Postby Wolfenbarg » 23 Apr 2011, 22:03

Tycherin wrote:
Wolfenbarg wrote:*snip*
Bananafish wrote:oh look two articles on public schools and both essentially champion charter schools what a surprise

Charter schools at least have a response to the education problem. Most people are clamoring for more money, even though comparatively we spend more money with less results. Charter schools are a chance to use the same money in a different ways. Only about 20% of charters are considered successful, but considering the rate schools are failing in the US, that's better than nothing. Also, if a charter is bad, it goes away. If a normal school is bad, we throw more money at it so they can build Olympic sized swimming pools.

Agreed and agreed. Although I'm not positive on the 20% figure there (source?), it almost doesn't matter. A 20% success rate is much better than many comparable industries, not the least of which is public schools. I'd be interested to see how success is measured for something like that, because chances are that public schools - on average - don't do too well themselves. It's this whole trend of teaching tests, not learning material- but I digress...

The part about throwing money at them is dead on. Sometimes additional funding is helpful (ok, frequently), but when the basic model is flawed (for the individual school, not necessarily the system as a whole), not so much.

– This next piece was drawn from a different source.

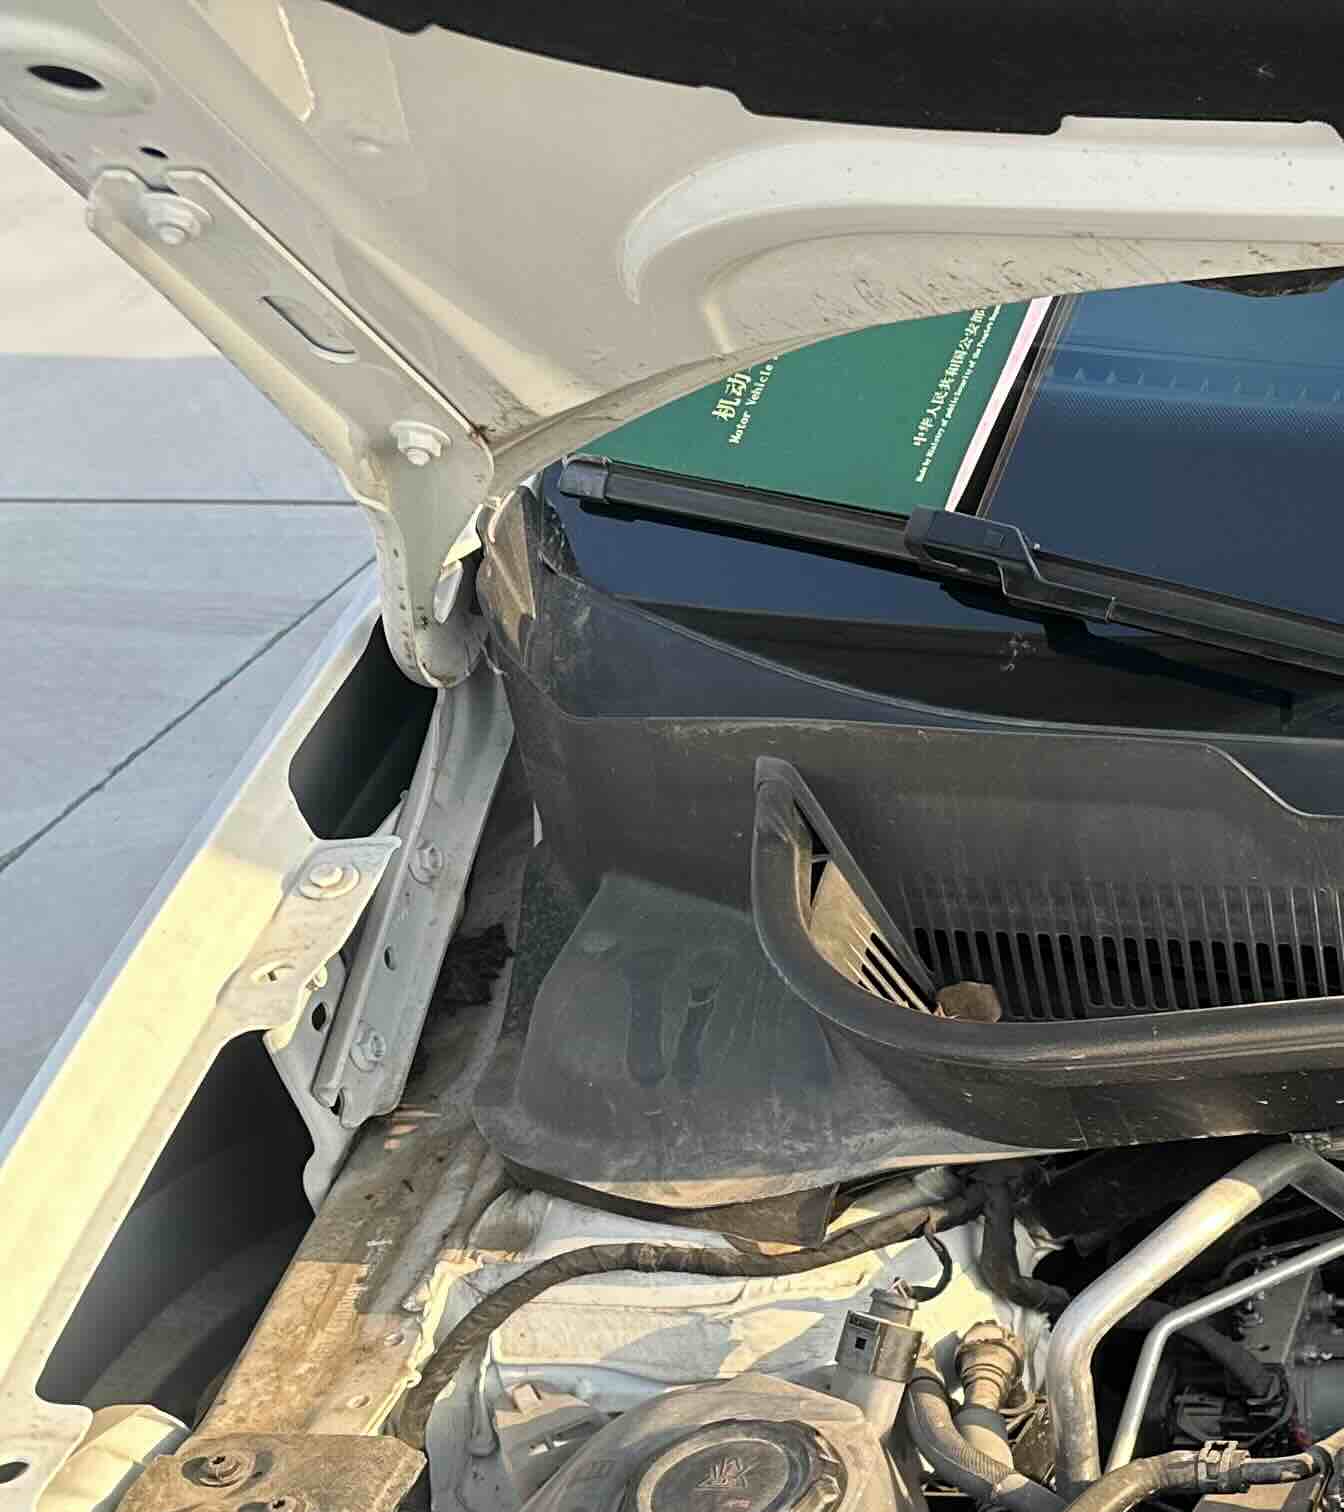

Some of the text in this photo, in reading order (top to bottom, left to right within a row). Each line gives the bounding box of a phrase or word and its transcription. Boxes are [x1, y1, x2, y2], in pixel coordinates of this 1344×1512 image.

That was a number I remember reading in an article against charters a while back. I'll have to get back to you on the source.

The money problem is all about how they're spending it, even at the college level. If I gave my college 50 million dollars, they'd expand the parking lot, build a new cafeteria, put a nifty sign out front, redo the roofing and ceilings, expand the gun range, and possibly build a pool. The last thing on their list would be paying teachers or considering bonuses for quality work. If it's like that at the college level, what many people agree works quite well, then you can imagine how bad it is at the public school level.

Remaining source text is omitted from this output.